In the past, rising bread prices have been a catalyst for political change in the region.
Egypt, for example, has a history of "bread riots". In 1977, after economic reforms saw state subsidies cut and food prices rise, there were violent demonstrations around the country that resulted in at least 70 deaths.
In 2011, during the Arab Spring, a popular slogan at demonstrations that would eventually topple the military government of Egyptian leader, Hosni Mubarak, was "bread, freedom and social justice".
Researchers looking into the causes of the Arab Spring protests of 2011, which changed the political landscape in the region, found that high food prices and food insecurity, often due to climate change, played a role alongside the public's frustration with their authoritarian leaders.
The phenomenon is ongoing: in 2019, Sudan's President Omar al-Bashir was pushed out of power by protests that began when bread prices tripled.

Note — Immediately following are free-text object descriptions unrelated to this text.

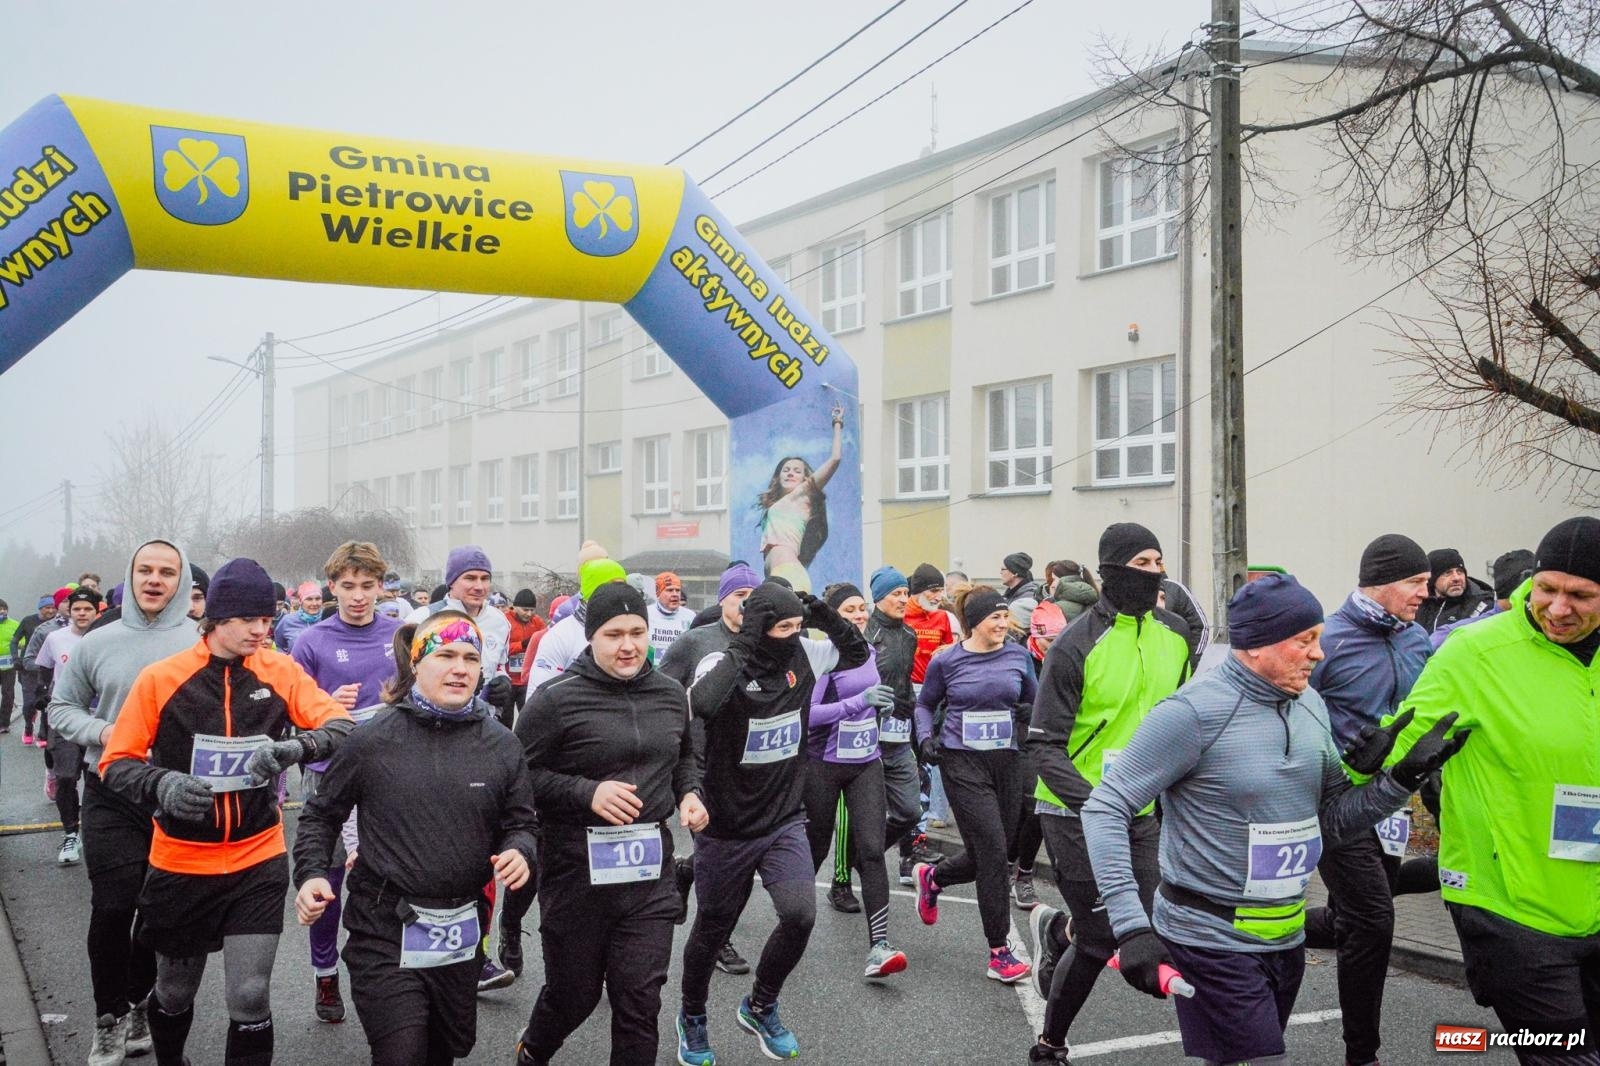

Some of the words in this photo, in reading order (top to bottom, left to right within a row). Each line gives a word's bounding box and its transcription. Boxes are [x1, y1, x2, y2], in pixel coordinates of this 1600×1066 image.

[328, 145, 492, 183] Gmina
[287, 170, 534, 222] Pietrowice
[320, 212, 501, 255] Wielkie
[694, 214, 769, 302] Gmina
[766, 294, 830, 366] ludzi
[670, 246, 804, 389] aktywnych
[758, 725, 792, 751] 141
[853, 730, 871, 748] 63
[979, 723, 1000, 740] 11
[613, 840, 645, 866] 10
[1275, 843, 1307, 878] 22
[428, 924, 463, 950] 98
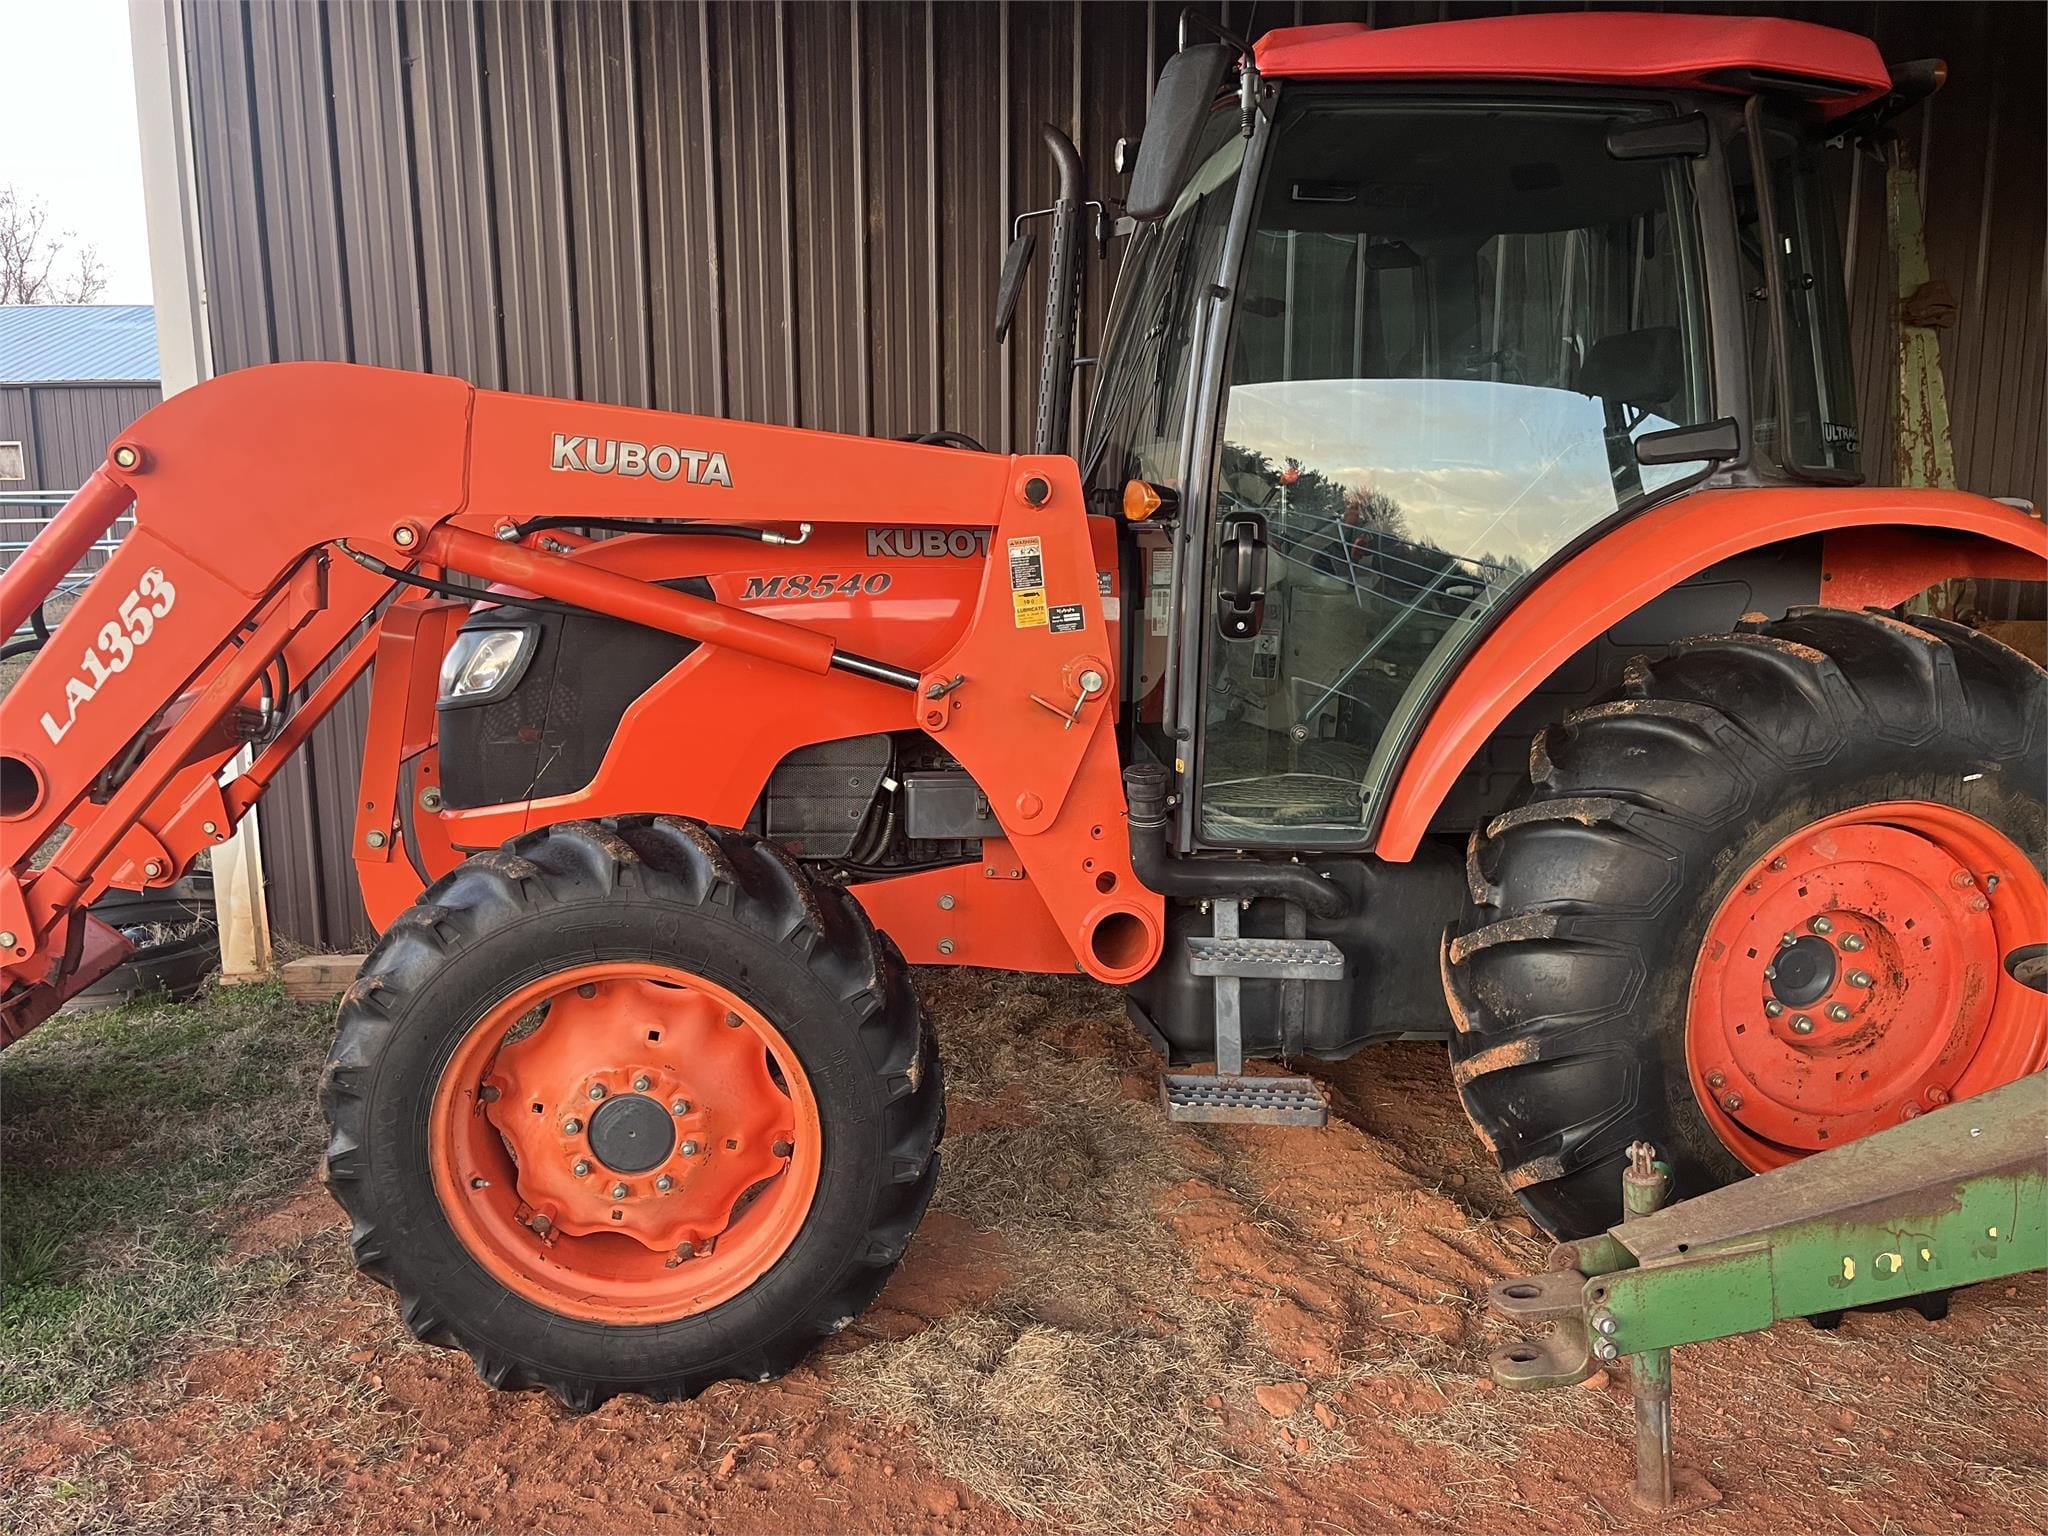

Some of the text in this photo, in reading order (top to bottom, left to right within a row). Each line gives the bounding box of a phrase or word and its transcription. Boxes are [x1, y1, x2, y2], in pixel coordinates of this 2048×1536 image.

Analysts at the Washington-based Middle East Institute wrote in a February brief that "between rising energy and food prices, the Ukraine crisis could trigger renewed protests and instability in several MENA countries".
Humanitarian crisis feared
Ferid Belhaj, the World Bank's vice president for the Middle East and North Africa, has pointed to his organisation's particular concerns about Syria, Lebanon and Yemen, countries where the government and economy is already fragile, and which also depend heavily on wheat imports.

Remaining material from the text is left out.